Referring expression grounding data

········

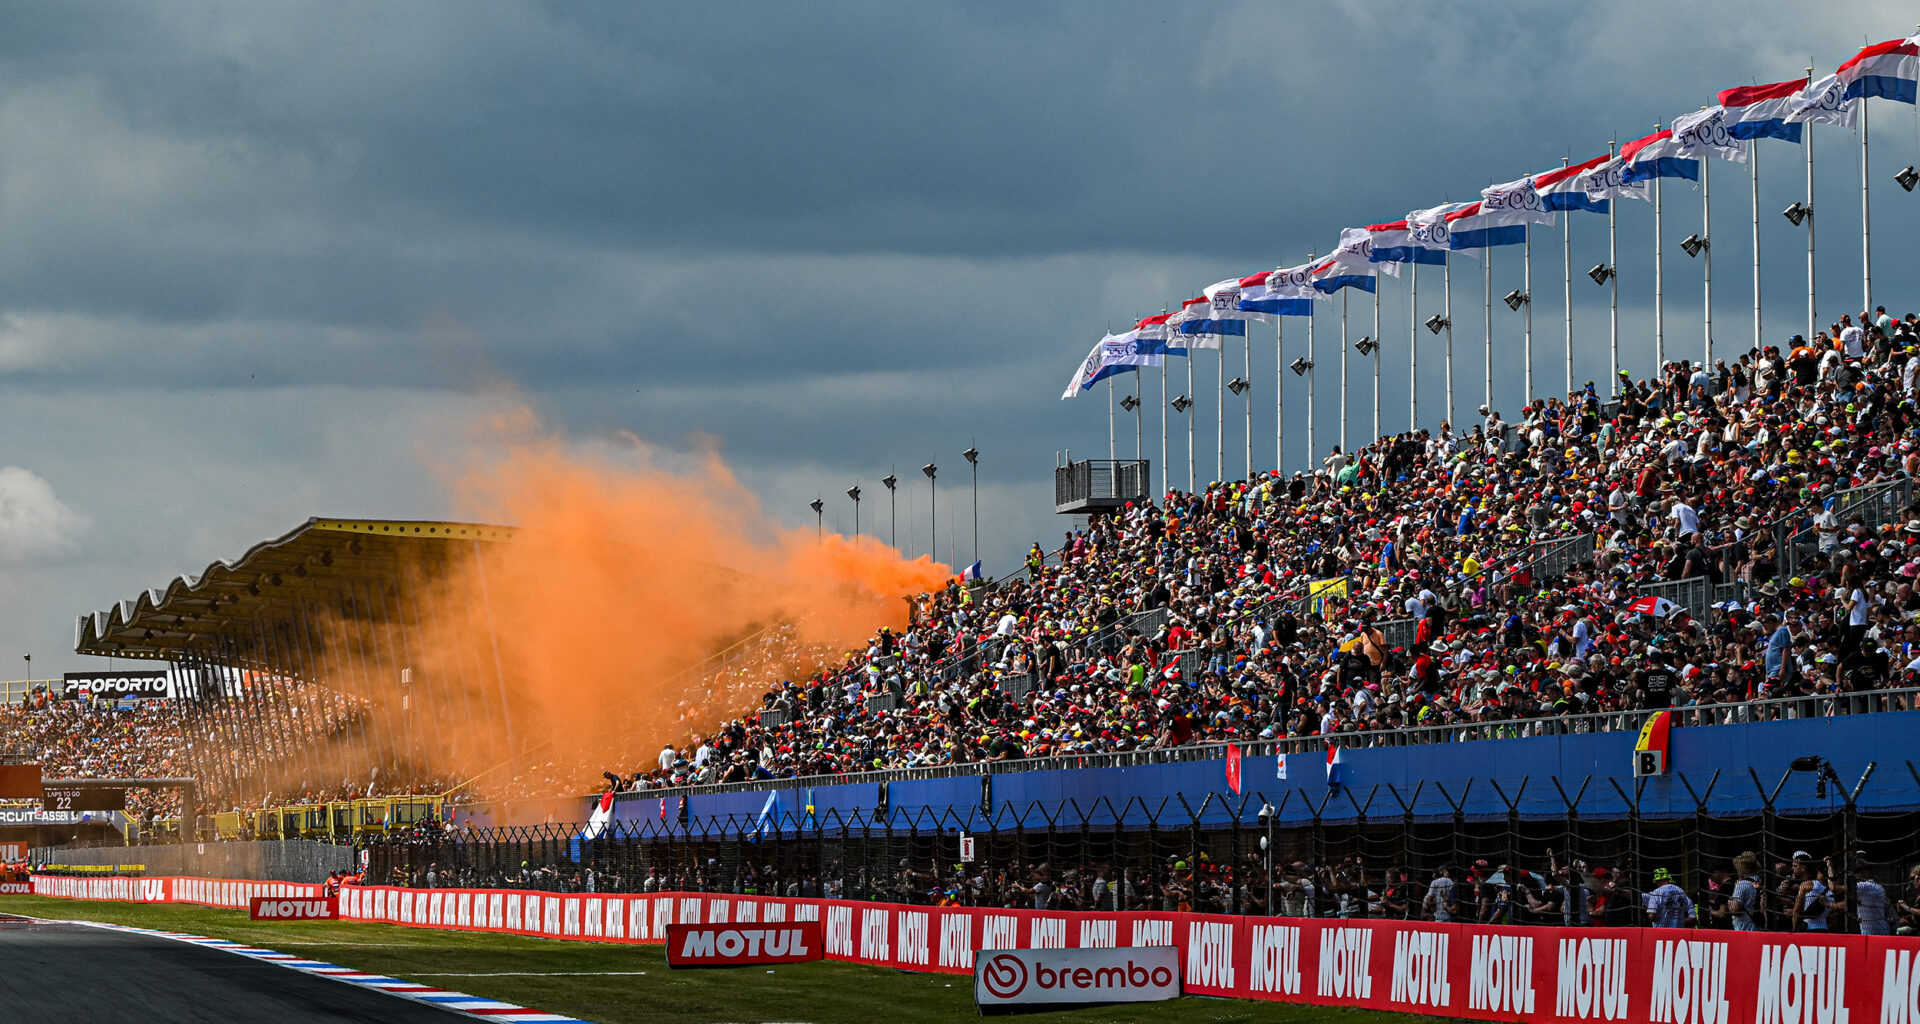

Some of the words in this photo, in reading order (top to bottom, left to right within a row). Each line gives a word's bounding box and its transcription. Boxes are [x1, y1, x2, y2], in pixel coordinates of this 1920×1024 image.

[65, 677, 167, 693] PROFORTO
[862, 739, 872, 750] 21
[1640, 752, 1657, 775] B
[56, 797, 72, 810] 22
[258, 901, 331, 917] MOTUL
[681, 929, 809, 958] MOTUL
[826, 905, 853, 957] MOTUL
[860, 908, 889, 961] MOTUL
[897, 910, 930, 966] MOTUL
[939, 912, 973, 969] MOTUL
[1187, 916, 1235, 989] MOTUL
[1249, 921, 1302, 991] MOTUL
[1317, 927, 1373, 999] MOTUL
[1391, 930, 1451, 1006] MOTUL
[1469, 934, 1536, 1011] MOTUL
[1556, 937, 1629, 1019] MOTUL
[1649, 939, 1730, 1024] MOTUL
[1755, 944, 1850, 1024] MOTUL
[1036, 960, 1173, 990] brembo
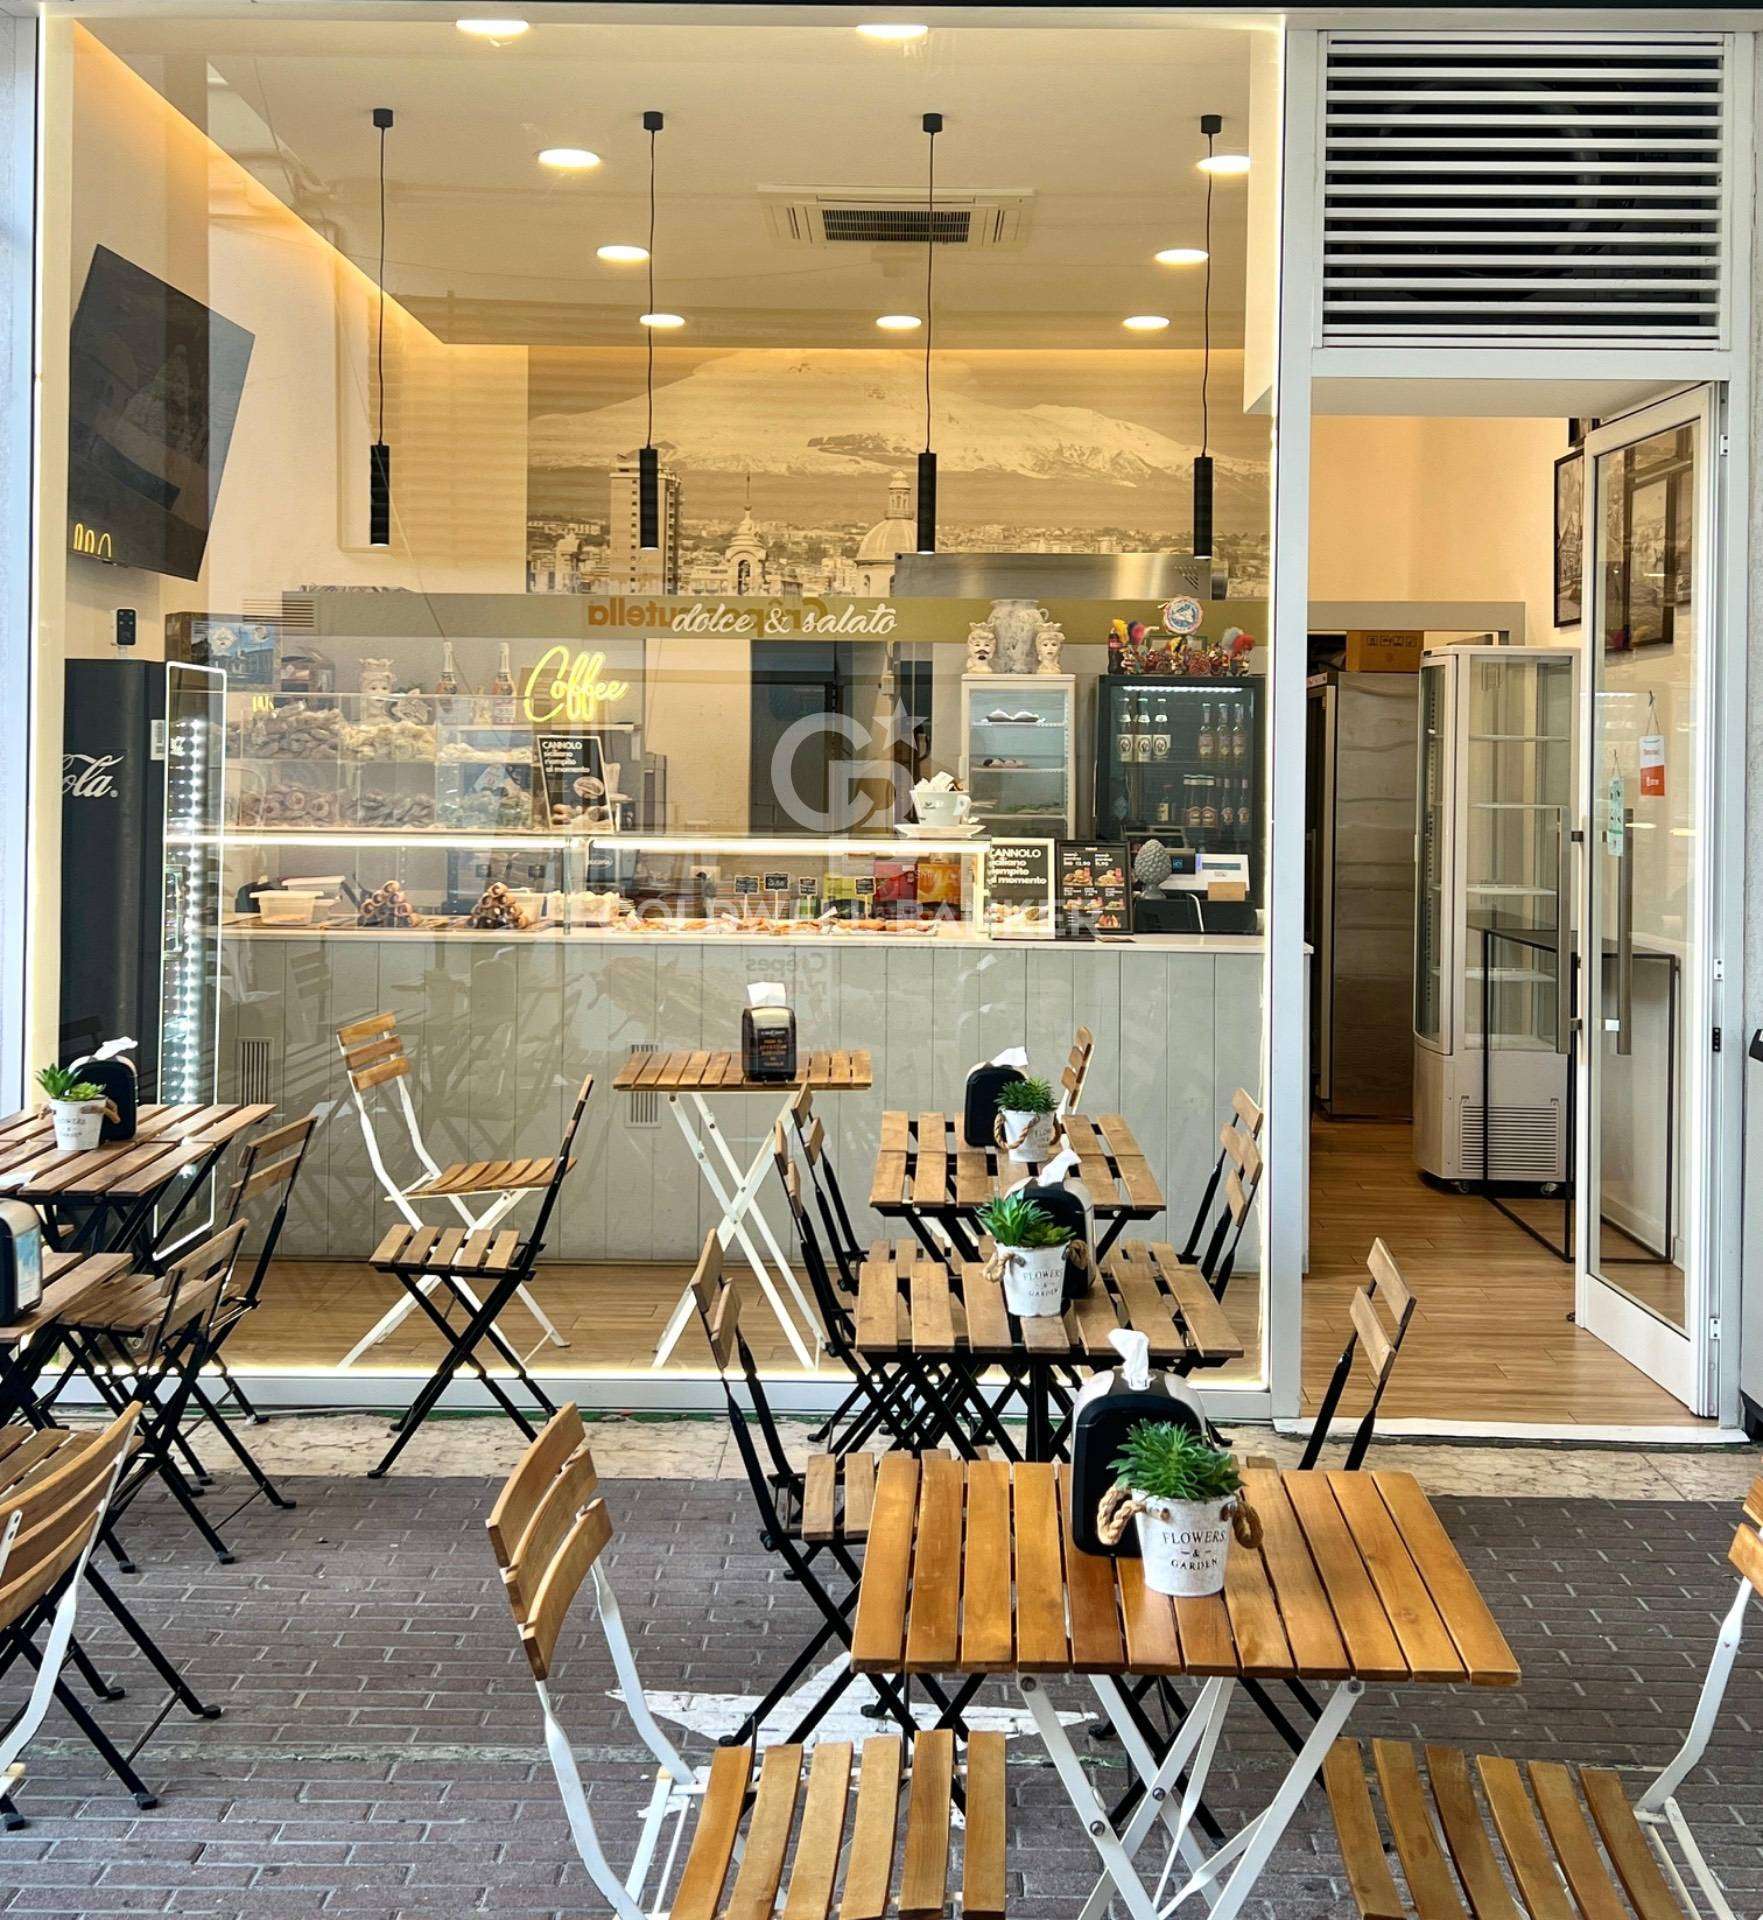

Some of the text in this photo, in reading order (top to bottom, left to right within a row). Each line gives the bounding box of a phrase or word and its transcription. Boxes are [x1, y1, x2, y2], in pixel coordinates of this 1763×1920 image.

[672, 602, 897, 634] dolce & salato
[523, 645, 630, 722] Coffee
[541, 741, 583, 750] CANNOLO
[998, 876, 1047, 884] momento
[1162, 1529, 1226, 1544] FLOWERS
[1171, 1558, 1218, 1570] GARDEN
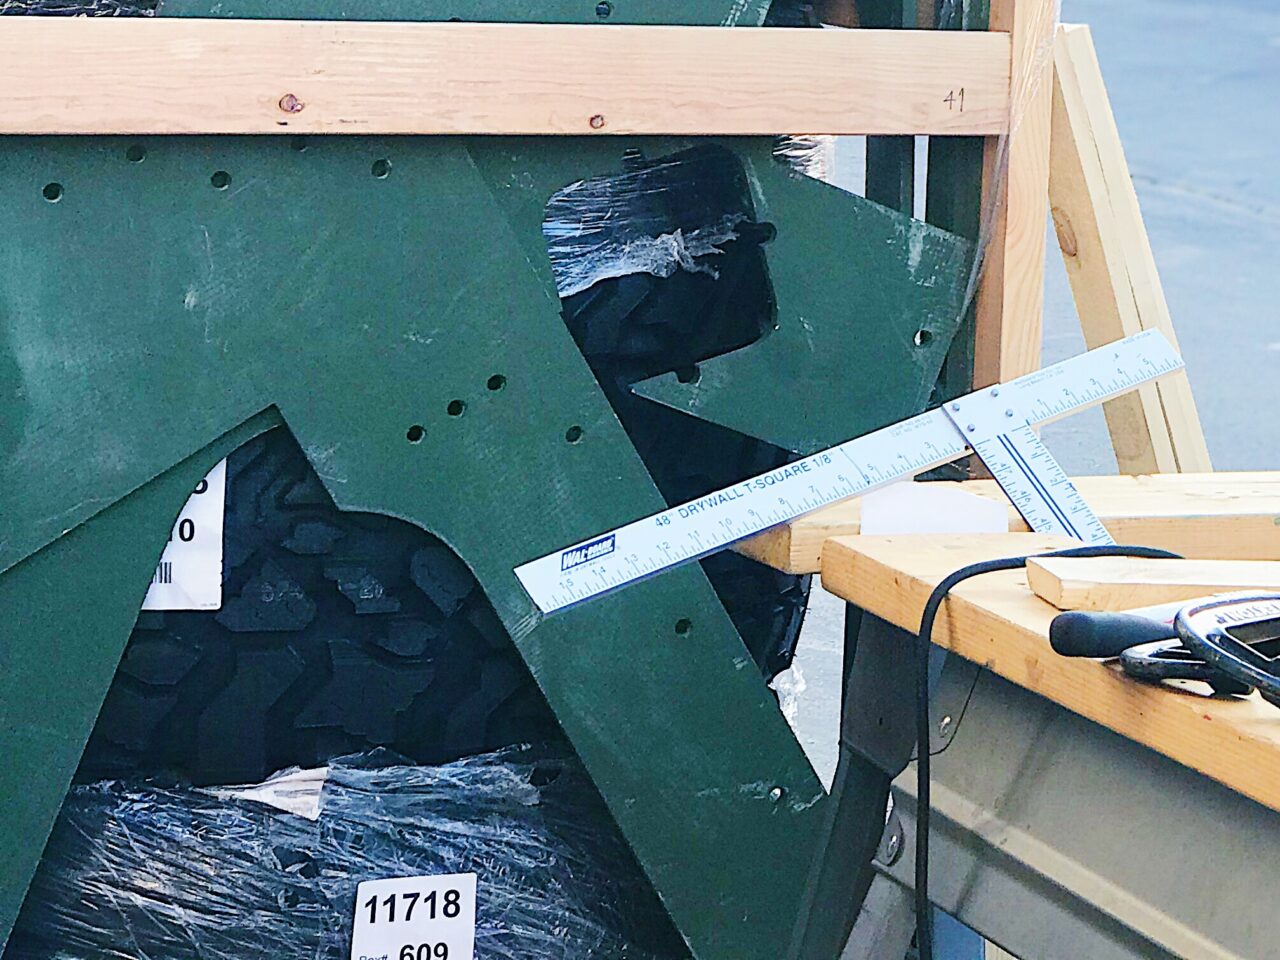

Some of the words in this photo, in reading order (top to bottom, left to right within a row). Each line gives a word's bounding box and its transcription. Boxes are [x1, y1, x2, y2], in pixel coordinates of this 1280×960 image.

········

What the task asks:
What's needed is every record restated exactly, pictures excluded.

Solution for this problem:
Some of the words in this photo, in reading order (top to bottom, left to right within a row). Each line gives a word's bounding box and its transcription. Boxes are [x1, y1, x2, y2], in pixel coordinates of this 1920×1024 image.

[65, 677, 167, 693] PROFORTO
[862, 739, 872, 750] 21
[1640, 752, 1657, 775] B
[56, 797, 72, 810] 22
[258, 901, 331, 917] MOTUL
[681, 929, 809, 958] MOTUL
[826, 905, 853, 957] MOTUL
[860, 908, 889, 961] MOTUL
[897, 910, 930, 966] MOTUL
[939, 912, 973, 969] MOTUL
[1187, 916, 1235, 989] MOTUL
[1249, 921, 1302, 991] MOTUL
[1317, 927, 1373, 999] MOTUL
[1391, 930, 1451, 1006] MOTUL
[1469, 934, 1536, 1011] MOTUL
[1556, 937, 1629, 1019] MOTUL
[1649, 939, 1730, 1024] MOTUL
[1755, 944, 1850, 1024] MOTUL
[1036, 960, 1173, 990] brembo

Some of the text in this photo, in reading order (top to bottom, left to right within a row). Each line gives the bounding box of a phrase or word and its transcription. Boxes are [x1, y1, x2, y2], in pixel coordinates of this 1763×1920 image.

[672, 602, 897, 634] dolce & salato
[523, 645, 630, 722] Coffee
[541, 741, 583, 750] CANNOLO
[998, 876, 1047, 884] momento
[1162, 1529, 1226, 1544] FLOWERS
[1171, 1558, 1218, 1570] GARDEN

Some of the words in this photo, in reading order (top to bottom, left to right within a row). Each line gives a word's bounding box and its transcription. Boxes are [x1, y1, x2, y2], in pixel coordinates of this 1280×960 image.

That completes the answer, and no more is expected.